- _AIM OF THE TASK_
Please return all of the records verbatim, with the pictures omitted.
——
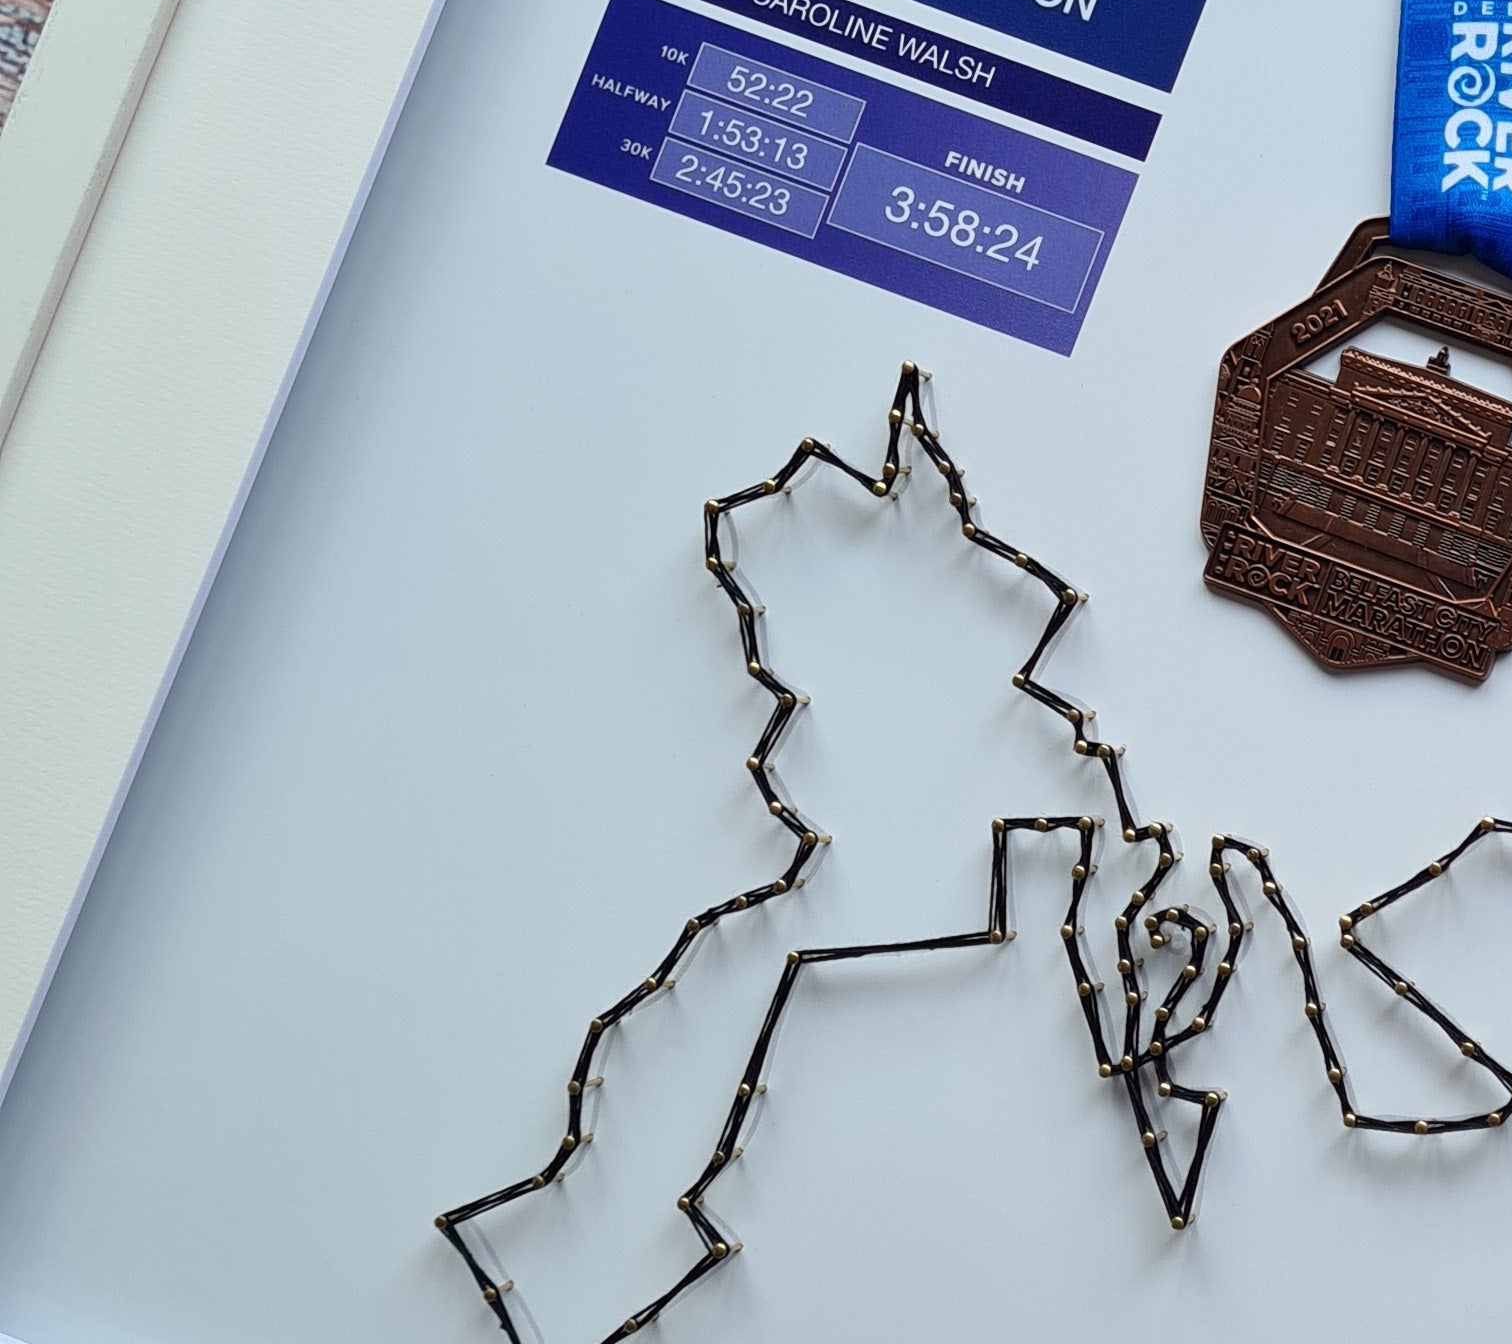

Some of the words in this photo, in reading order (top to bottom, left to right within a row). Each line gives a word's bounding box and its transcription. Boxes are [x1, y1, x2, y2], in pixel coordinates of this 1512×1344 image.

[660, 45, 690, 66] 10K
[898, 32, 996, 88] WALSH
[591, 73, 672, 112] HALFWAY
[727, 65, 814, 118] 52:22
[1441, 22, 1499, 192] ROCK
[620, 138, 653, 160] 30K
[699, 110, 808, 169] 1:53:13
[675, 154, 791, 215] 2:45:23
[944, 149, 1026, 194] FINISH
[884, 184, 1042, 272] 3:58:24
[1291, 299, 1350, 344] 2021
[1224, 556, 1310, 606] ROCK
[1232, 532, 1322, 584] RIVER
[1319, 590, 1488, 670] MARATHON
[1329, 569, 1432, 622] BELFAST
[1434, 606, 1500, 642] CITY
——
- _ANSWER TO THE EXERCISE_
Some of the words in this photo, in reading order (top to bottom, left to right within a row). Each line gives a word's bounding box and its transcription. Boxes are [x1, y1, x2, y2], in pixel coordinates of this 1512×1344 image.

[660, 45, 690, 66] 10K
[898, 32, 996, 88] WALSH
[591, 73, 672, 112] HALFWAY
[727, 65, 814, 118] 52:22
[1441, 22, 1499, 192] ROCK
[620, 138, 653, 160] 30K
[699, 110, 808, 169] 1:53:13
[675, 154, 791, 215] 2:45:23
[944, 149, 1026, 194] FINISH
[884, 184, 1042, 272] 3:58:24
[1291, 299, 1350, 344] 2021
[1224, 556, 1310, 606] ROCK
[1232, 532, 1322, 584] RIVER
[1319, 590, 1488, 670] MARATHON
[1329, 569, 1432, 622] BELFAST
[1434, 606, 1500, 642] CITY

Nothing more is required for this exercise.